Texto de Willi Backes
Toda e qualquer organização pública ou privada, com mais ou menos necessidade conforme área de atuação, em algum tempo ou permanentemente, precisa se comunicar com os mercados consumidores, apoiadores, fornecedores, colaboradores ou demais prospecções.
Os segmentos privados se comunicam por necessidade mercadológica. Os setores da gestão pública, em todos os níveis, o fazem por necessidade de informar, orientar, promover, esclarecer e relatar realizações.

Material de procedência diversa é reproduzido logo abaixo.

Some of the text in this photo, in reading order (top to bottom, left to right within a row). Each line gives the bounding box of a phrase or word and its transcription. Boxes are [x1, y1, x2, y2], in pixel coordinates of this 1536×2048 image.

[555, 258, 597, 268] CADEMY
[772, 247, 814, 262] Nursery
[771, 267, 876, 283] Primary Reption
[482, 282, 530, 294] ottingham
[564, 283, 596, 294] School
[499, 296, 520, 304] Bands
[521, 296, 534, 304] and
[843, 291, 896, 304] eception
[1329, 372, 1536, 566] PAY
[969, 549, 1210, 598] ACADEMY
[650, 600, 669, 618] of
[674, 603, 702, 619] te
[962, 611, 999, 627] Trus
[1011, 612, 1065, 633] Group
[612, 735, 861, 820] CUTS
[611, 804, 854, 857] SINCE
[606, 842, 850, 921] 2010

Os meios para comunicação ágil, prática e abrangente são o uso da mídia impressa e eletrônica tradicionais, e, agilidade das plataformas eletrônicas. É pressuposto que os meios de comunicação são para relatar para público alvo e também para possíveis ouvintes e leitores transeuntes, minuciando conteúdo de atos e fatos para conhecimento e informação geral.
Opinião e interpretação – deveriam – estar alojados nas colunas, blogs, sites e entrevistas, comentários proferidos por autores e atores, indivíduos com nomes e sobrenomes. Omitir nomes das ditas “fontes anônimas” é maneira cafajeste e pilantra para criar fofocas, intrigas e desinformações. Tapume protetor para a tal liberdade de expressão.

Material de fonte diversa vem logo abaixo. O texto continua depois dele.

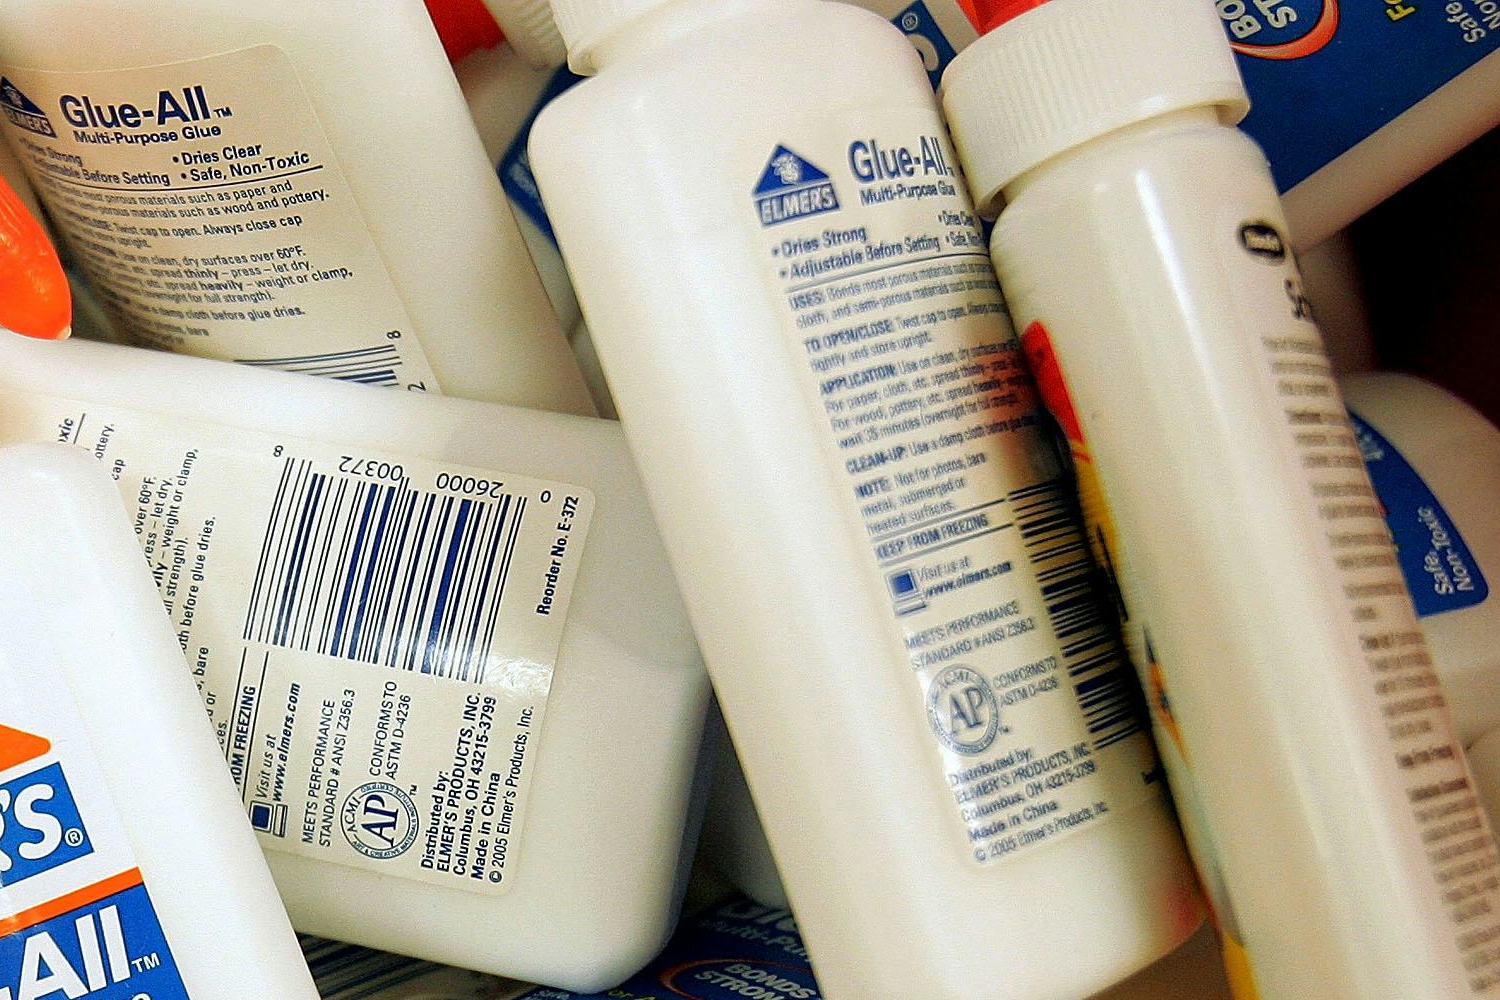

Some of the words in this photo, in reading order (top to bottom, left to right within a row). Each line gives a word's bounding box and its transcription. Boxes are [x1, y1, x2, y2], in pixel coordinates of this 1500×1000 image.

[74, 129, 178, 147] Multi-Purpose
[181, 125, 221, 140] Glue
[181, 150, 219, 166] Dries
[222, 143, 262, 161] Clear
[83, 168, 120, 184] Before
[122, 171, 170, 187] Setting
[190, 166, 227, 183] Safe,
[230, 150, 309, 177] Non-Toxic
[761, 185, 839, 223] ELMER'S
[861, 185, 938, 204] Multi-Purpose
[782, 239, 819, 255] Dries
[823, 228, 867, 246] Strong
[791, 250, 863, 278] Adjustable
[865, 243, 903, 260] Before
[905, 235, 940, 253] Setting
[273, 445, 284, 458] 8
[338, 456, 403, 481] 00372
[436, 473, 503, 498] 26000
[540, 490, 551, 503] 0
[558, 496, 578, 531] E-372
[551, 536, 568, 557] No.
[1417, 507, 1473, 590] Non-Toxic
[536, 560, 561, 614] Reorder
[234, 686, 255, 750] FREEZING
[337, 689, 355, 730] Z356.3
[392, 695, 410, 738] D-4236
[517, 707, 533, 727] Inc.
[266, 734, 276, 748] at
[273, 683, 300, 802] www.elmers.com
[369, 701, 393, 776] CONFORMS
[384, 682, 397, 696] TO
[471, 697, 496, 775] 43215-3799
[263, 752, 273, 767] us
[308, 700, 335, 798] PERFORMANCE
[332, 734, 346, 766] ANSI
[386, 742, 401, 780] ASTM
[505, 732, 530, 787] Products,
[255, 770, 270, 798] Visit
[437, 812, 457, 872] ELMER'S
[447, 728, 472, 808] PRODUCTS,
[463, 693, 480, 721] INC.
[465, 779, 480, 800] OH
[481, 773, 500, 816] China
[302, 802, 317, 843] MEETS
[319, 779, 338, 847] STANDARD
[342, 797, 361, 832] ACMI
[361, 792, 401, 848] AP
[421, 795, 443, 869] Distributed
[433, 771, 449, 791] by:
[478, 822, 491, 834] in
[497, 791, 516, 834] Elmer's
[453, 806, 477, 875] Columbus,
[471, 839, 488, 879] Made
[492, 838, 507, 868] 2005
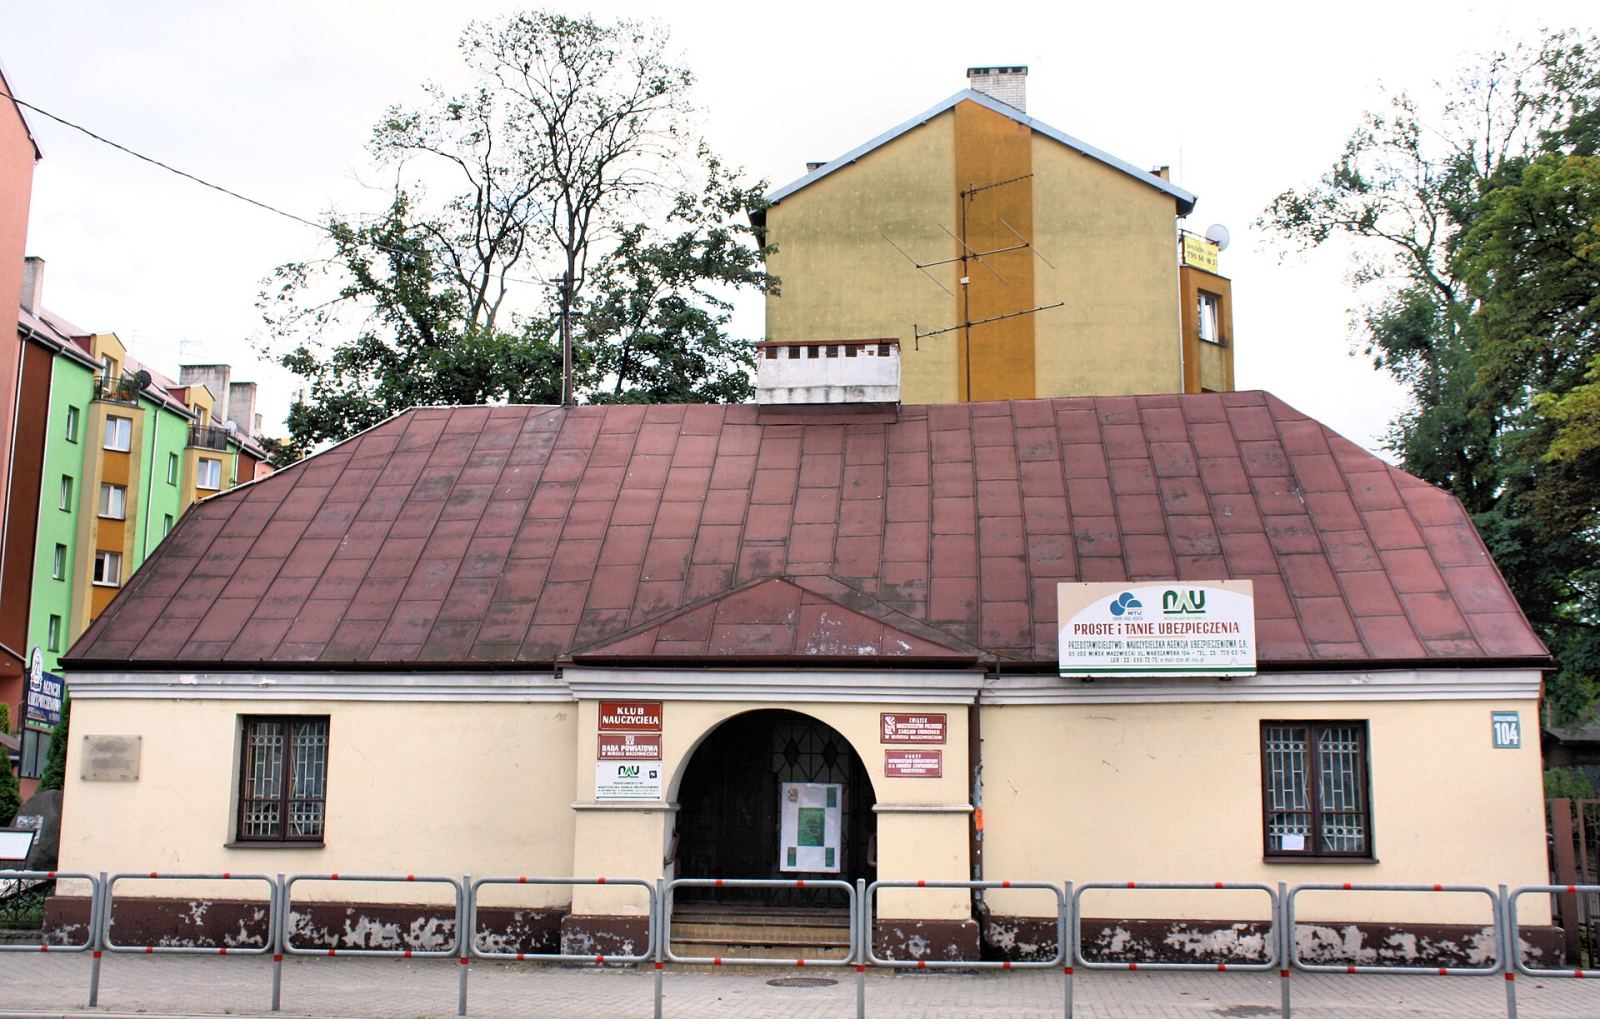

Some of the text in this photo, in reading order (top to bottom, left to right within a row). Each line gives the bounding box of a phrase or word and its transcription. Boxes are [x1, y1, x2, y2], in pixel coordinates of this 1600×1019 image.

[1074, 622, 1240, 636] PROSTE i TANIE UBEZPIECZENIA
[1166, 639, 1188, 649] AGENCJA
[617, 707, 645, 715] KLUB
[602, 715, 660, 724] NAUCZYCIELA
[1494, 722, 1519, 745] 104
[601, 744, 659, 752] RADA POWIATOWA

PROPAGANDA REGULAR, SUBLIMINAR, TENDENCIOSA.
É absolutamente regular a propaganda privada e das entidades públicas, por necessidade e até obrigação institucional.
Quando blogs e sites anunciam que não aceitam publicidade autorizada por empresas e entidades públicas, nada mais é do que chantagem para valorização editorial e oferta para conluio escabroso. Em poucos dias ou semanas após o “não aceitamos propaganda do Governo”, ficam escancarados os originais patrocinadores e financiadores das mentes e consciências. Cada vez mais evidente também que o cidadão bombardeado por informações e contrainformações, está em boa escala discernindo e optando pelas causas justas e justificáveis.
Somos uma população, longe de pensar e agir como uma Nação. A sociedade brasileira é uma só, porém, é formada por centenas de agrupamentos e blocos de interesses, o que nos faz pensar sempre no que está por detrás de cada manifestação e de seu autor.
VANTAGENS DO NÓS & ELES.
Antes criticado, hoje praticado em todas as dimensões, o povo Brasileiro participa efetivamente das discussões do “nós x eles”, notadamente quando o tema é a política administrativa. Aqueles que ainda pretendem manter-se “isentões”, estão ficando no pó da história contemporânea. A isenção individual ou coletiva nesse universo com tantos temas abrangentes, conflitantes e difícil resolução, nada mais é do que covardia, inoperância, desimportância e descartável com eliminação nas estatísticas do “quem é quem” na reconstrução nacional.
A trilogia Nós-Eles-Não Sei, está por se desmanchar. Restarão aqueles que querem fazer acontecer e, aqueles que são contra e que nada possa acontecer a não ser pra si próprio.